Provided information ->

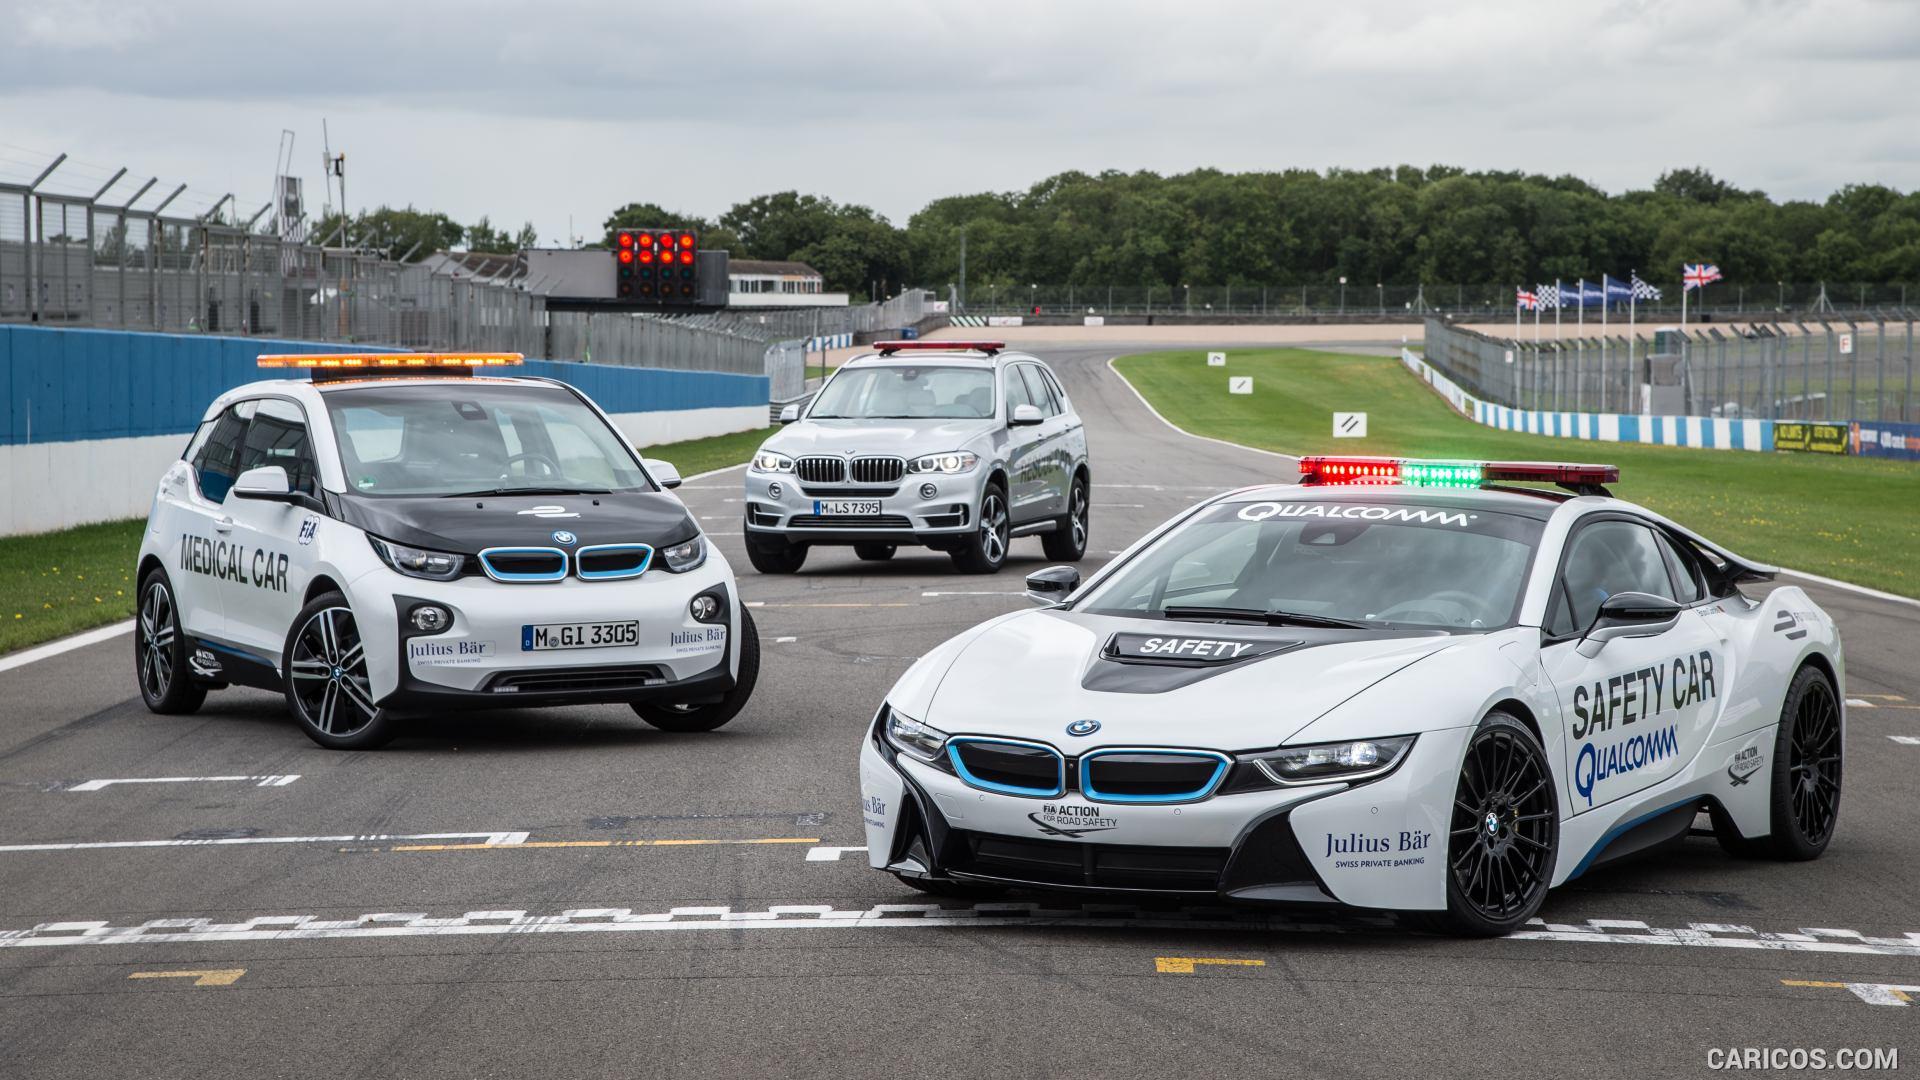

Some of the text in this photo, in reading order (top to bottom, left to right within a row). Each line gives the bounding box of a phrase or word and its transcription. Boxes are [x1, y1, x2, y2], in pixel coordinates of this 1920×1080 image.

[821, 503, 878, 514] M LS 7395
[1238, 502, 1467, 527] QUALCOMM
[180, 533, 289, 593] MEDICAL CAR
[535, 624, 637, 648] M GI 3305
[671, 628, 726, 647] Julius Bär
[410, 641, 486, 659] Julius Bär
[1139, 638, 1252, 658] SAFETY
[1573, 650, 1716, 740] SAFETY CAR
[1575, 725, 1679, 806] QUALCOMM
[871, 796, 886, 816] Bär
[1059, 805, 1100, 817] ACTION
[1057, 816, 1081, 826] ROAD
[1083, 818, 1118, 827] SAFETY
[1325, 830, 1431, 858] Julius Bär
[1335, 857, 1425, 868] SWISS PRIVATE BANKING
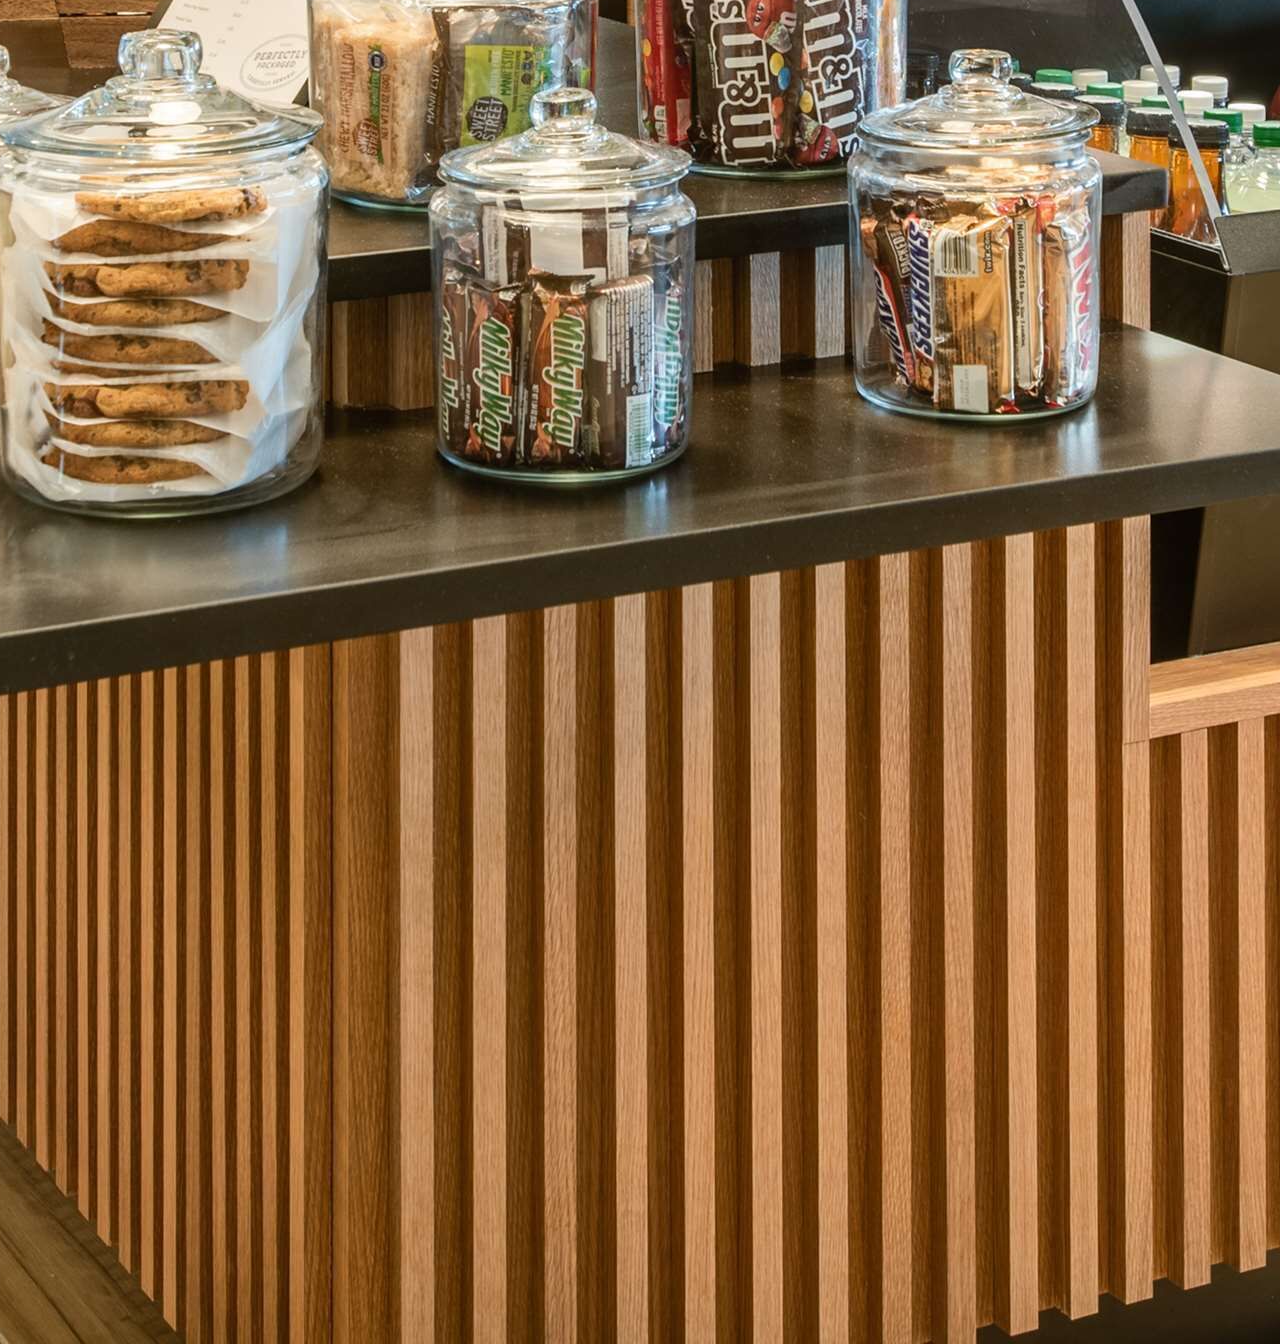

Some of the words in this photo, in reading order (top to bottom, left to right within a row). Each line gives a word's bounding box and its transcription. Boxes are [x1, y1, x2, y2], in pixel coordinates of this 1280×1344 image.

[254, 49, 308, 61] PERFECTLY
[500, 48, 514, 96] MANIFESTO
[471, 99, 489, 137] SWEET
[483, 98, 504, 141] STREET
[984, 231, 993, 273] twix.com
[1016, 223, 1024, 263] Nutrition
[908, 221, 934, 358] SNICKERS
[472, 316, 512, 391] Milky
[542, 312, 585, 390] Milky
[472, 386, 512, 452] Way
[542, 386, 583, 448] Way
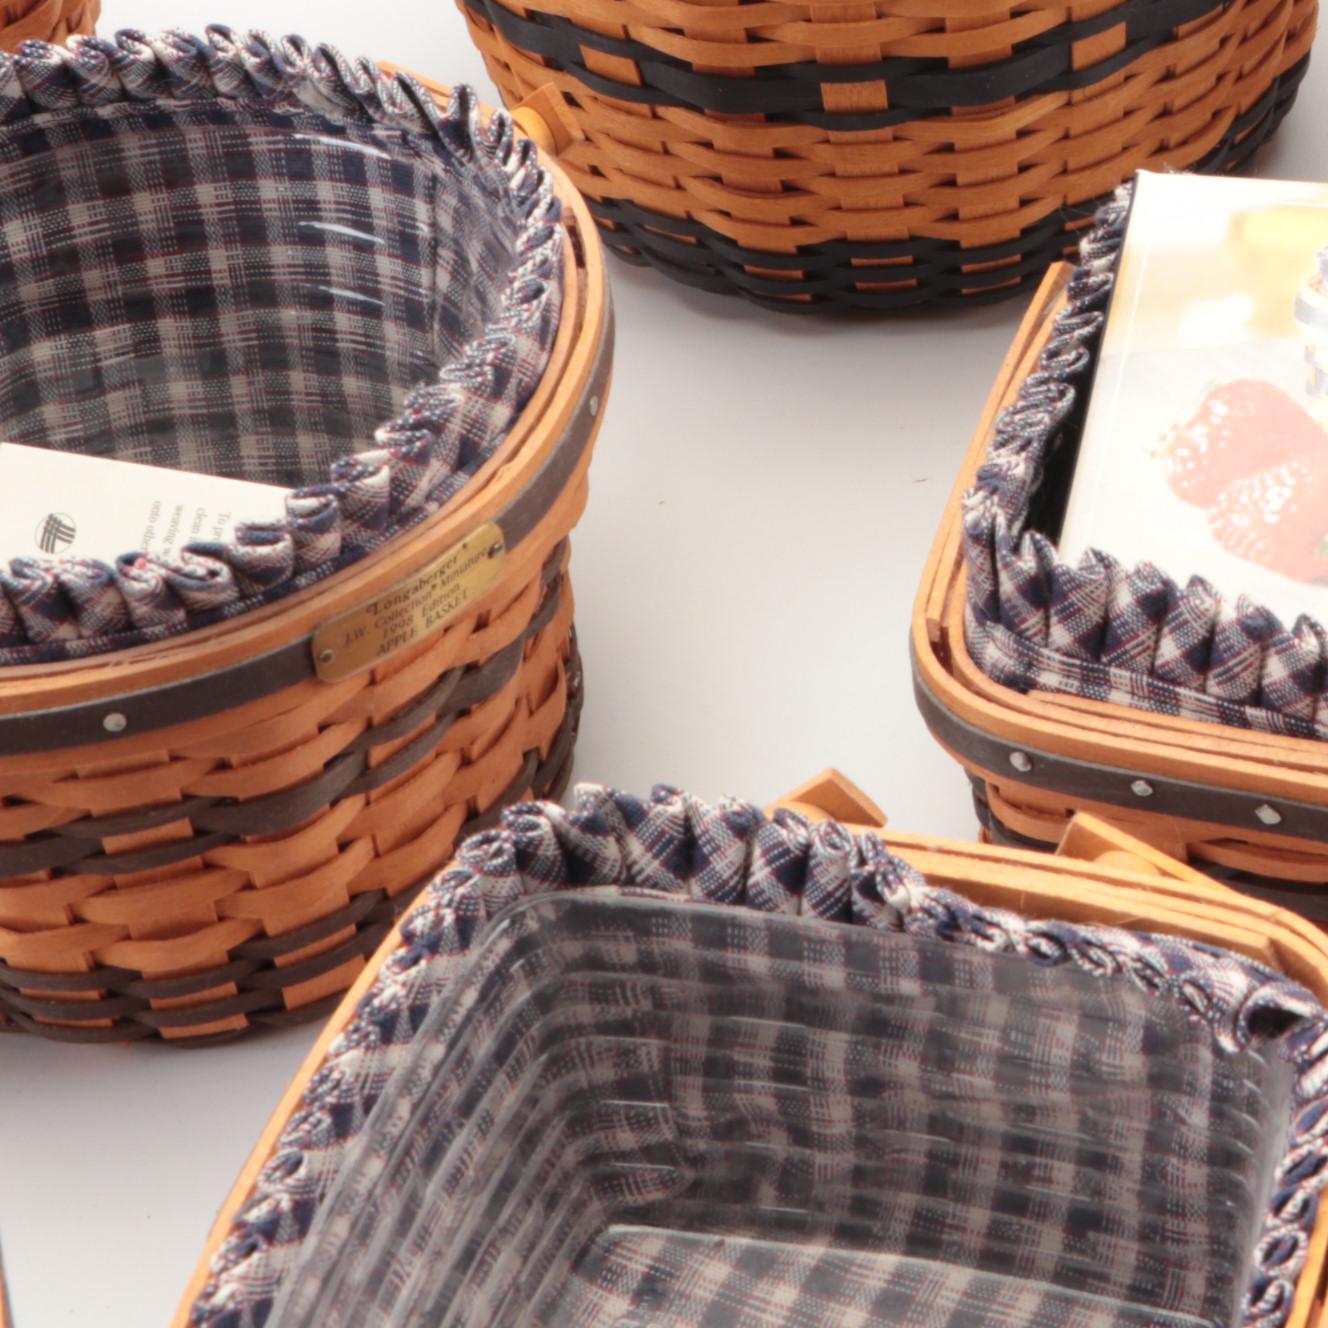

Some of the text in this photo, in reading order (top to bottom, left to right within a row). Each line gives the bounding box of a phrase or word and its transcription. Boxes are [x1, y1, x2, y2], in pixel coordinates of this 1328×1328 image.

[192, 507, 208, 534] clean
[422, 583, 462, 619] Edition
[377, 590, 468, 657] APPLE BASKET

Task instructions -> Every line in the records is to be retyped exactly as it stands; the pictures stay out.

Answer to this exercise ->
Some of the text in this photo, in reading order (top to bottom, left to right within a row). Each line gives the bounding box of a phrase or word and its transcription. Boxes are [x1, y1, x2, y2], in pixel coordinates of this 1920×1080 image.

[821, 503, 878, 514] M LS 7395
[1238, 502, 1467, 527] QUALCOMM
[180, 533, 289, 593] MEDICAL CAR
[535, 624, 637, 648] M GI 3305
[671, 628, 726, 647] Julius Bär
[410, 641, 486, 659] Julius Bär
[1139, 638, 1252, 658] SAFETY
[1573, 650, 1716, 740] SAFETY CAR
[1575, 725, 1679, 806] QUALCOMM
[871, 796, 886, 816] Bär
[1059, 805, 1100, 817] ACTION
[1057, 816, 1081, 826] ROAD
[1083, 818, 1118, 827] SAFETY
[1325, 830, 1431, 858] Julius Bär
[1335, 857, 1425, 868] SWISS PRIVATE BANKING

Some of the words in this photo, in reading order (top to bottom, left to right within a row). Each line gives a word's bounding box and its transcription. Boxes are [x1, y1, x2, y2], in pixel coordinates of this 1280×1344 image.

[254, 49, 308, 61] PERFECTLY
[500, 48, 514, 96] MANIFESTO
[471, 99, 489, 137] SWEET
[483, 98, 504, 141] STREET
[984, 231, 993, 273] twix.com
[1016, 223, 1024, 263] Nutrition
[908, 221, 934, 358] SNICKERS
[472, 316, 512, 391] Milky
[542, 312, 585, 390] Milky
[472, 386, 512, 452] Way
[542, 386, 583, 448] Way

Some of the text in this photo, in reading order (top to bottom, left to right within a row). Each line gives the bounding box of a phrase or word and its transcription. Boxes are [x1, y1, x2, y2], in pixel coordinates of this 1328×1328 image.

[192, 507, 208, 534] clean
[422, 583, 462, 619] Edition
[377, 590, 468, 657] APPLE BASKET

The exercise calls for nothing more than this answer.